Wilson Lutz was interned at the end of WW II in CPS Camp 42, Wellston, Michigan. Even though the war had ended by the time he was drafted, the draft was still in effect. As a boy Wilson has a strong affinity for nature and his work at Wellston doing forest restoration made a life-long impression on him. Many COs redirected their pacifist ideas toward environmental work and have made a valuable contribution to environmental reform in their communities.
“I attended public schools and northern Idaho. Small classes. And graduated in 1945. I was always interested in nature, as a young person. Eventually, after graduating, I decided to go to college because I had picked up a very strong interest in chemistry in my early years. And so the question was where to get additional training. I had a lot of fun in high school with chemistry.

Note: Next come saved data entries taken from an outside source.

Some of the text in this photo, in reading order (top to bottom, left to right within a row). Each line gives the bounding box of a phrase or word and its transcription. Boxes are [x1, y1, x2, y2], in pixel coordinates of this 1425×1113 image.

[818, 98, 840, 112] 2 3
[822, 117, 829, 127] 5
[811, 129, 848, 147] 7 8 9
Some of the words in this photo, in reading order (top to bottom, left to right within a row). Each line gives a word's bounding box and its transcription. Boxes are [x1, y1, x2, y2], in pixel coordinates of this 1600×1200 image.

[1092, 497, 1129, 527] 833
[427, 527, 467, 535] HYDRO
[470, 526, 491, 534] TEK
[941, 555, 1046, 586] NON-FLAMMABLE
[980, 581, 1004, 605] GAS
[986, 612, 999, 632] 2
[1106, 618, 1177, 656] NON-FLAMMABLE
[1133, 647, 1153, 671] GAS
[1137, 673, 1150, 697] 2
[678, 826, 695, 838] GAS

“And being a Church of the Brethren person, my church was the Church of the Brethren in the community on the outskirts of the Akron. So I decided to take advantage of the Church of the Brethren schools. There were seven or eight of them around the country and Manchester College was the closest one.

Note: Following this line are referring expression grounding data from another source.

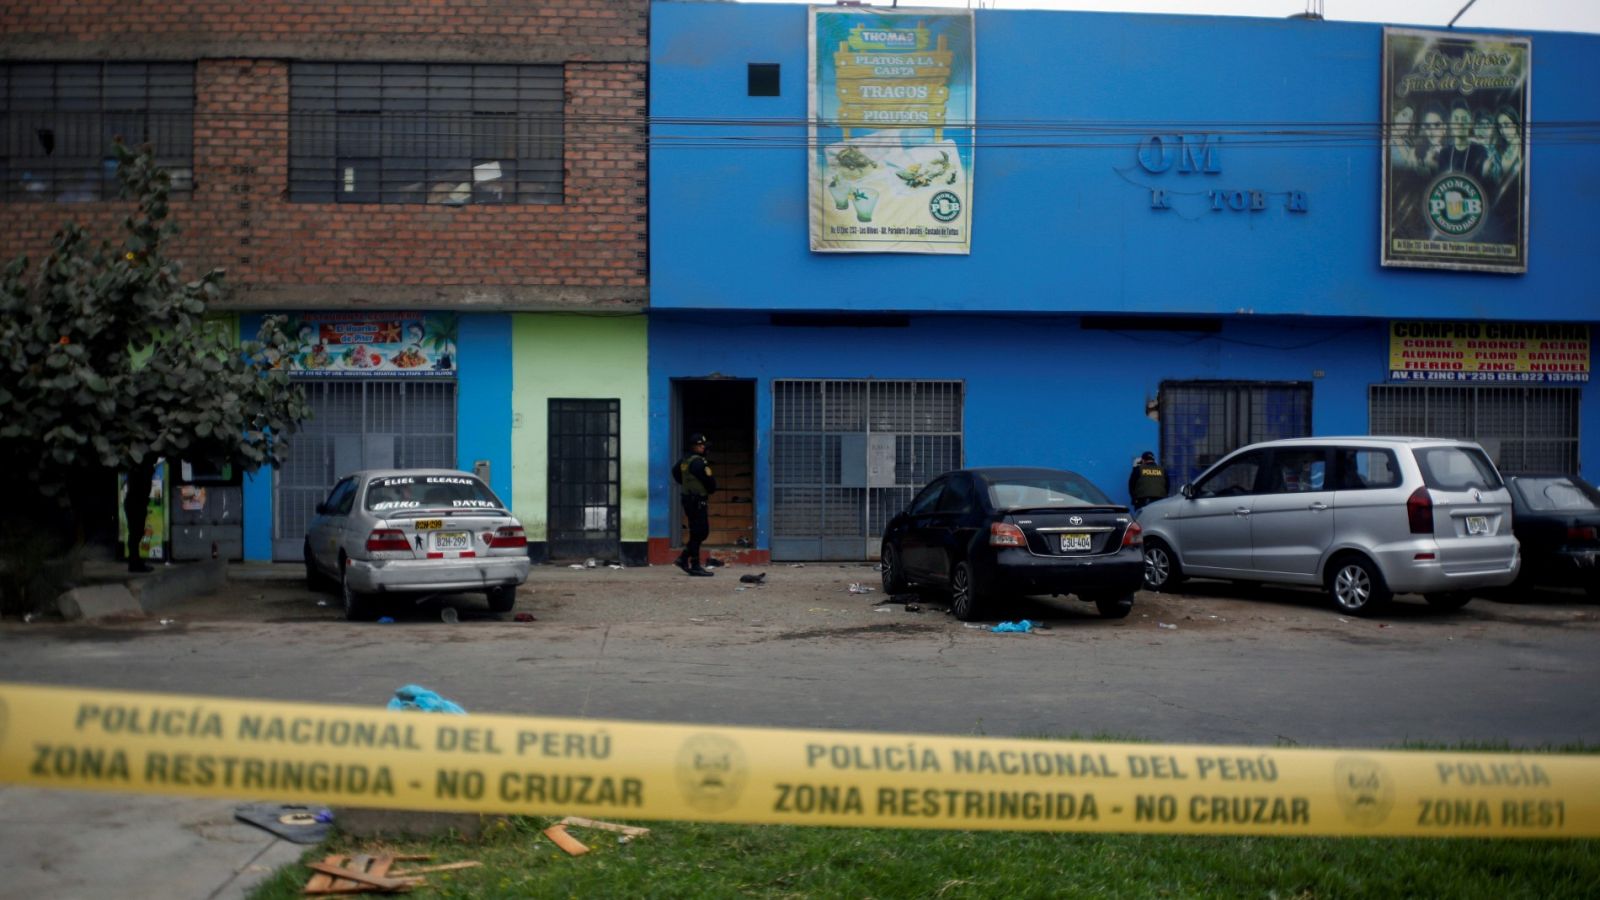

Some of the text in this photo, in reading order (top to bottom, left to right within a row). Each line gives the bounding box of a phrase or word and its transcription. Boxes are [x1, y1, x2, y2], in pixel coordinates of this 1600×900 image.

[862, 31, 915, 42] THOMAS
[855, 56, 934, 65] PLATOS A LA
[874, 66, 915, 75] CARTA
[860, 86, 928, 99] TRAGOS
[863, 110, 928, 123] PIQUEOS
[1434, 179, 1476, 197] THOMAS
[1394, 323, 1588, 340] COMPRO CHATARRA
[1404, 339, 1588, 351] COBRE BRONCE ACERO
[1402, 351, 1587, 361] ALUMINIO PLOMO BATERIAS
[1405, 361, 1587, 372] FIERRO ZINC NIQUEL
[1392, 371, 1412, 381] AV.
[1413, 371, 1426, 381] EL
[1427, 371, 1454, 381] ZINC
[384, 477, 474, 487] ELIEL ELEAZAR
[452, 499, 495, 508] DAYRA
[76, 702, 612, 760] POLICÍA NACIONAL DEL PERÚ
[805, 741, 1278, 782] POLICÍA NACIONAL DEL PERÚ
[30, 744, 131, 781] ZONA
[144, 750, 396, 797] RESTRINGIDA
[436, 769, 485, 801] NO
[499, 772, 644, 808] CRUZAR
[773, 783, 864, 815] ZONA
[877, 786, 1099, 822] RESTRINGIDA
[1135, 795, 1177, 824] NO
[1190, 797, 1311, 825] CRUZAR
[1417, 799, 1492, 827] ZONA

"So I decided to attend Manchester College and enrolled there in 1945. In the meantime, World War II had been progressing and, in fact, the war had ended by the time I graduated from high school. But the draft law was still in effect. And so I had the draft board breathing down my neck, so to speak. When I enrolled in Manchester there was a question about whether I would even be able to enroll because of the draft situation. But I did. And no sooner had I enrolled then it was clear that I would not be able to finish the year. And the reason was that I had stated my position as a Conscientious Objector.
“I mentioned earlier that Akron had a strong military component. In the current area Lockheed owns much of what was originally Goodyear, and so there are a lot of aircraft parts being made in Akron. I have relatives that are in the ‘war industry.’ Well, I wouldn’t call it ‘war industry,’ but in the defense industry there. When I was still young person, I have to confess, I was somewhat enamored with the glitter of the war machinery that was going on in the airplanes and the battleships and all that sort of thing. During the war I took jobs in the rubber industry in Akron, one of which was making barrage balloons, these things that they strung up around London and other cities to prevent low-flying planes from swooping in and dropping bombs.

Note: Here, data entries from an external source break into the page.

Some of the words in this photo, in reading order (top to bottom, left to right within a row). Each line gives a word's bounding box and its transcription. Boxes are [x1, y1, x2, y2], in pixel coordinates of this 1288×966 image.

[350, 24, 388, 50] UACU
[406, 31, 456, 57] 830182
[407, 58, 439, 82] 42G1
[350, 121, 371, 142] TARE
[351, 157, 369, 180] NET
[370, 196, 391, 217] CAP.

“So I did that one summer and in the later summer was involved in making life belts. I was beginning to wonder about some of the things I was doing and so the next summer I worked at General Tire and Rubber Company making life belts, which I felt was a more responsible sort of thing to do. When I presented myself as a Conscientious Objector to the draft board, they regarded that kind of work as a negation to what I was supposed to be standing for. And so my application for the IV-E draft status was denied on the basis that I had already been engaged in war work.
“What to do? Well, what you normally do is appeal to an appeals board. In the meantime I had enrolled at Manchester. When I made my application as a Conscientious Objector to the draft board requesting a hearing, or I requested a hearing I guess, because of the fact that after I requested the IV-E they put me in as a I-AO, a type of conscription where they put you in the Army as a non-combatant, the medical type of whatever. But you still had to carry a gun and do rifle training and all that sort of thing, which was foreign to what my beliefs were at the time. I was influenced to a considerable degree by my mother.She pointed out to me that our church didn’t believe in going to war. And in fact, during my high-school years there were good friends of mine who not only went into the military, but other good friends, in fact the ones that I esteemed most, who went into CPS. So the draft board put me in as I-AO, which was not what I wanted, which was not what I thought I could accept. So I appealed to the appeals board. Then the appeals board granted me the IV-E classification.
“Without any further adieu, the draft board thereupon ordered me to appear at Camp Wellston in Michigan and after finishing that they allowed me to finish my fall semester at Manchester. I had to check in at CPS Camp Number 42 in Wellston, Michigan. That was all right with me. I fully intended after the completion of my CPS work to go back to college and get a degree in chemistry and hopefully do graduate work. I eventually was able to do all that.
“The work that was going on at Camp Wellston at the time was to bring back the Manistee National Forest, which had been cut over and burn over back in the late 1800s. I regard myself as a strong environmentalist now. I was strongly inclined in that same direction back then. And so although many of the fellows at CPS, in CPS Camp 42, felt that they were spinning their wheels and that they were not really doing work of national importance, I thought that kind of work was important. And so I had no qualms about doing it.”